John O. Ifediora  @ifediora_john.

All political dynasties eventually fail, but their demise come much quicker if the reasons for their being are no longer in consonant with extant social sensibilities of the electorate. The histories of nation-states are replete with the natural death of moribund political institutions too feckless and spent to serve the needs of a progressively sophisticated citizenry. The two major parties in Nigeria, APC and PDP, a political duopoly that interchangeably misruled the affairs of Nigerians beginning in 1999, are now forced to take stock of what they have done to and for the country, but more importantly to give a clear narrative of their administrative agenda in the last twenty-four years. The record is one of abysmal and catastrophic failures that came to a head in the last presidential election held on February 25, 2023; the youths, whose current and future prospects have been mortgaged by the political elites that ruled the country, have risen to demand a course correction, and re-energized the Labour Party that represents their vision for Nigeria…one of clean and efficient government that puts the interests of the nation above the cult of personality and special interests. It is a struggle that favors them because all the relevant socio-economic variables are perfectly aligned against the old guards.

The first shot across the bow was delivered by the flag bearer of the Labour Party, Mr. Obi, on March 2, 2023 in a petition filed against INEC with the Presidential Electoral Petition Court in Abuja to compel production of documents that informed the decision to call the election results in favor of Bola Tinubu, the APC presidential candidate. The legal papers filed read in part: “Motion Ex Parte brought pursuant to Section 36(1) of the Constitution of the Federal Republic of Nigeria,1999, Section 146 of the Electoral Act, 2002 and Paragraphs 47(1) 54 of the First Schedule to the Electoral Act, 2002 and under the inherent power of the honourable tribunal.”

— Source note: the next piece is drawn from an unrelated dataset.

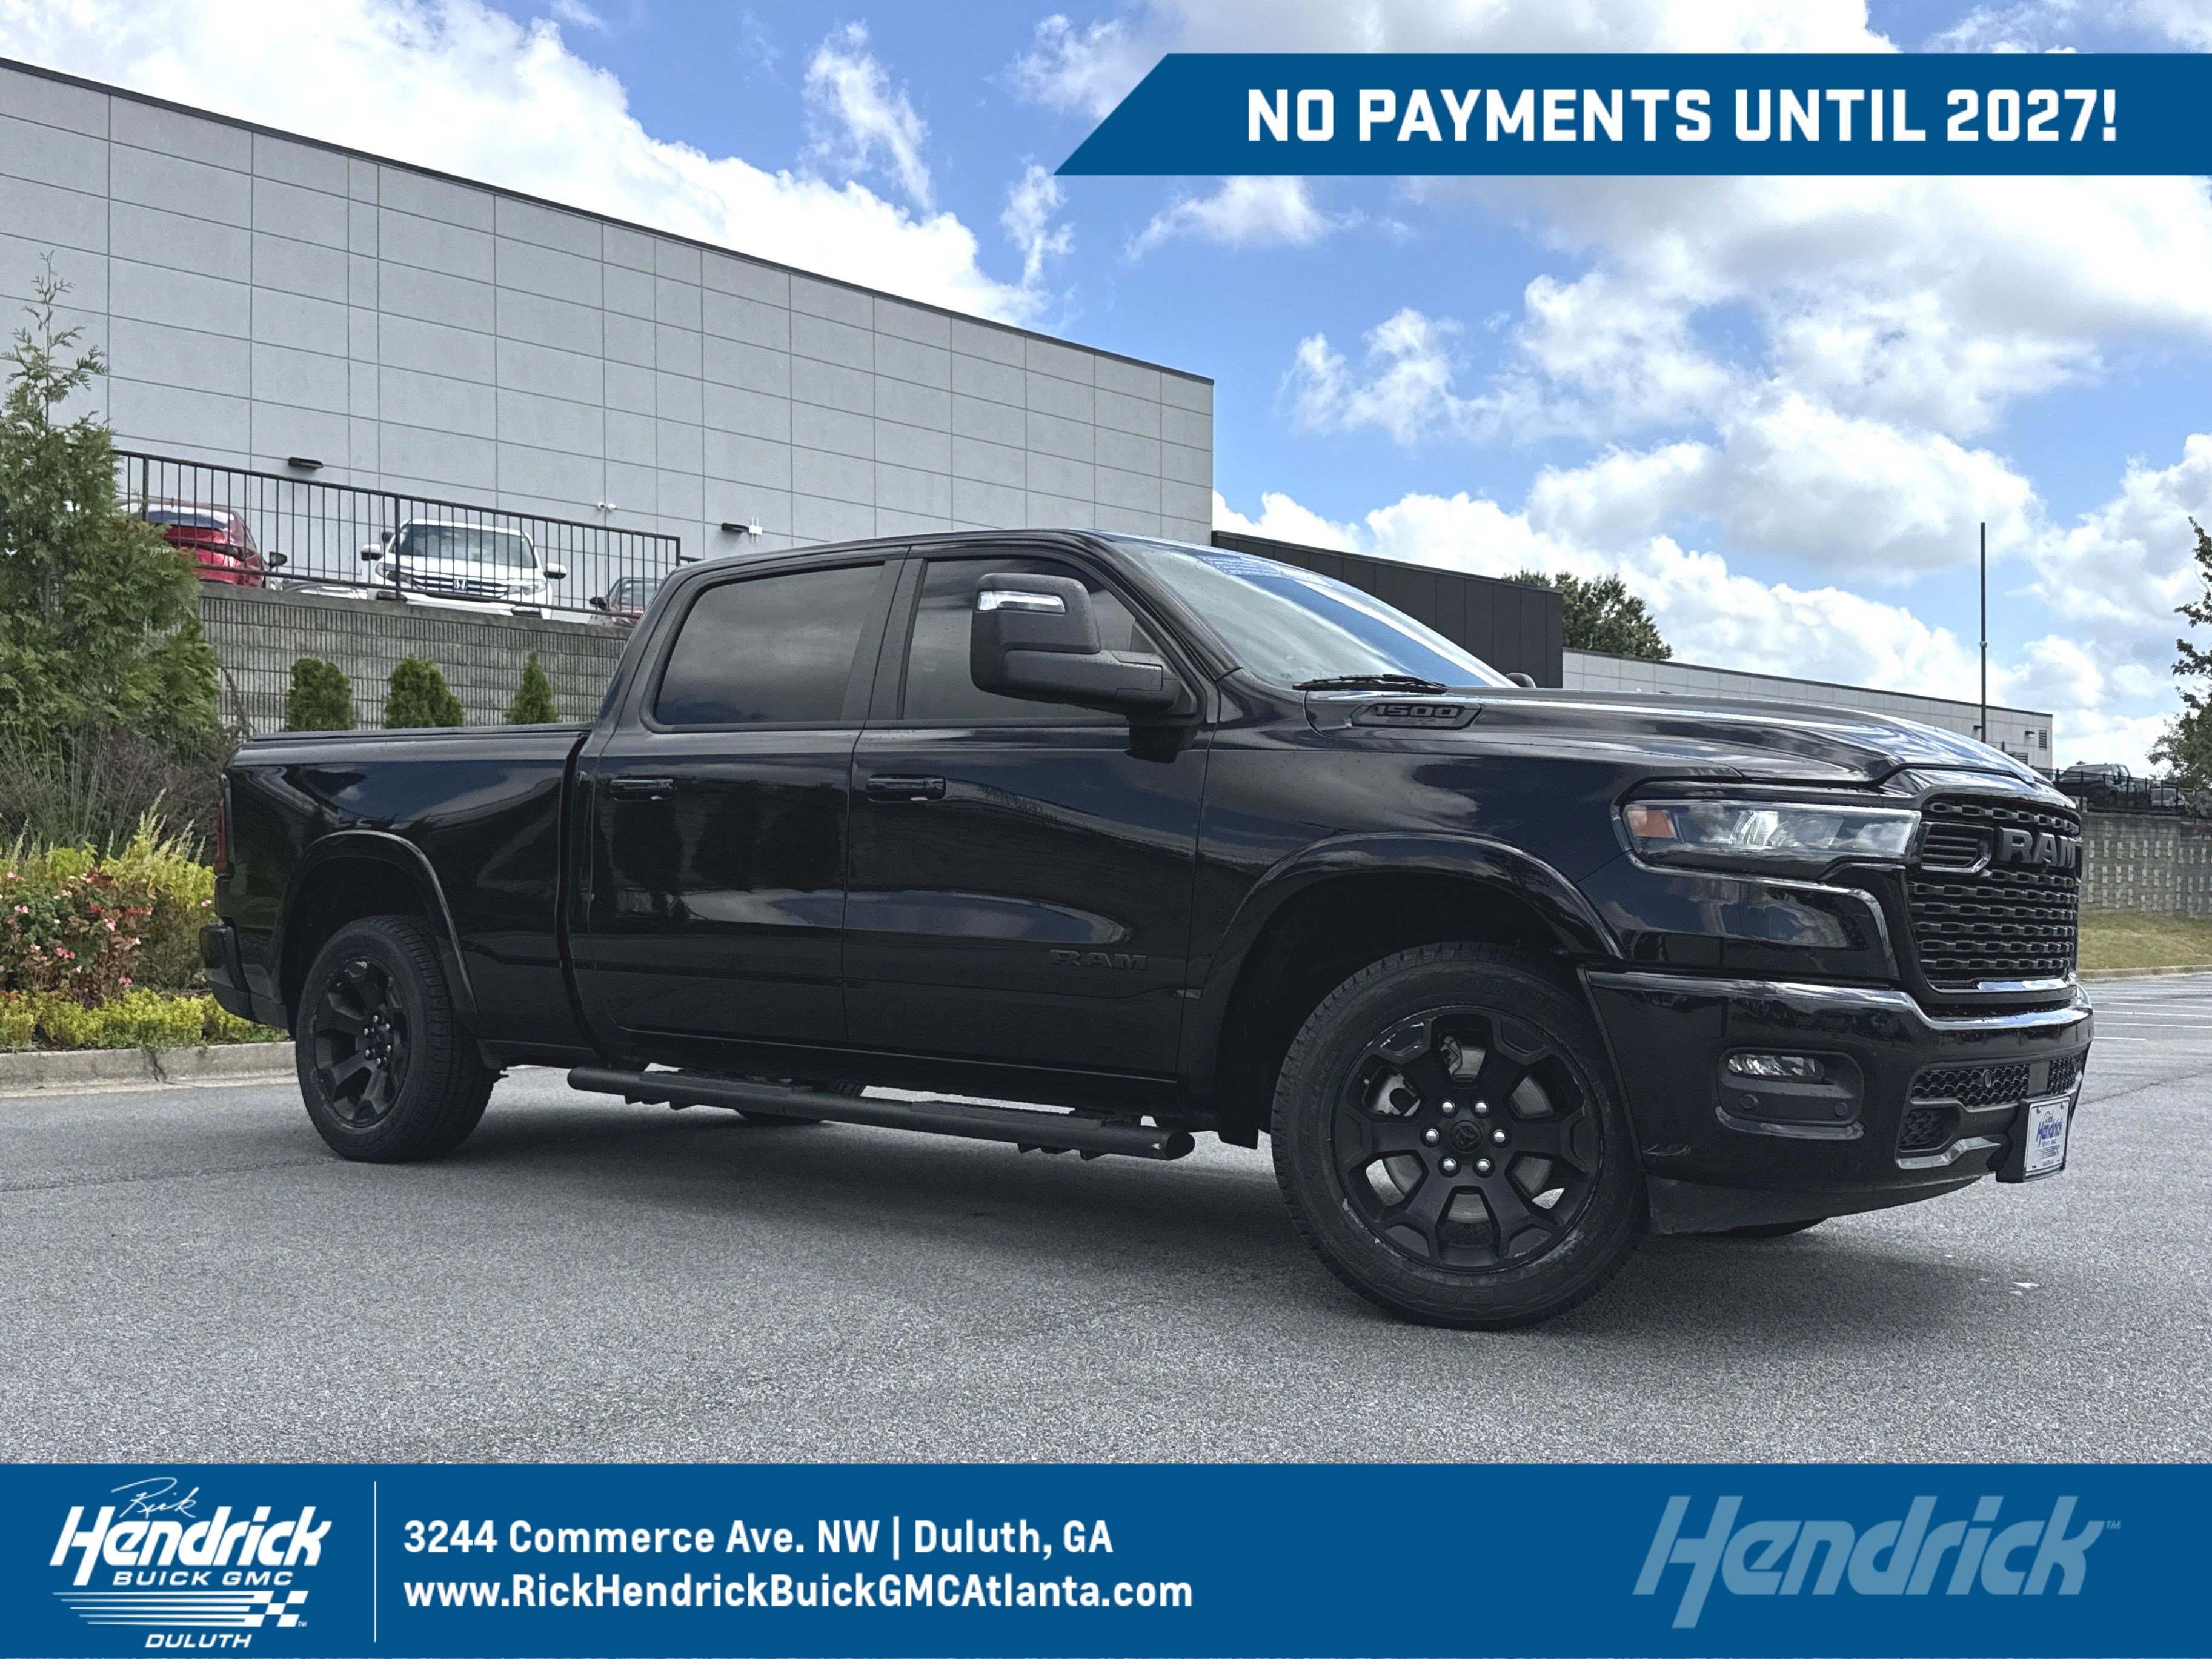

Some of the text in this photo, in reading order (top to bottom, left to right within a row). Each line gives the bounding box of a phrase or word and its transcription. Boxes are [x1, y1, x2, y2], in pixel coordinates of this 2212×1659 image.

The election has been widely criticized by various international and domestic bodies as below acceptable standards of electoral process and plagued by violence and voter suppression. The final vote tally, not surprisingly, reflected a seriously flawed and compromised norm for a free and fair exercise of participatory democracy; voters in various parts of the country were denied access to polling stations and many were subjected to psychological intimidation and physical violence. The youths who had worked for months to place the country on a new path completely devoid of the status quo that served average Nigerians a steady dose of malfeasance and crippling bureaucratic corruption saw this as further justification to jettison a system that has perennially failed them.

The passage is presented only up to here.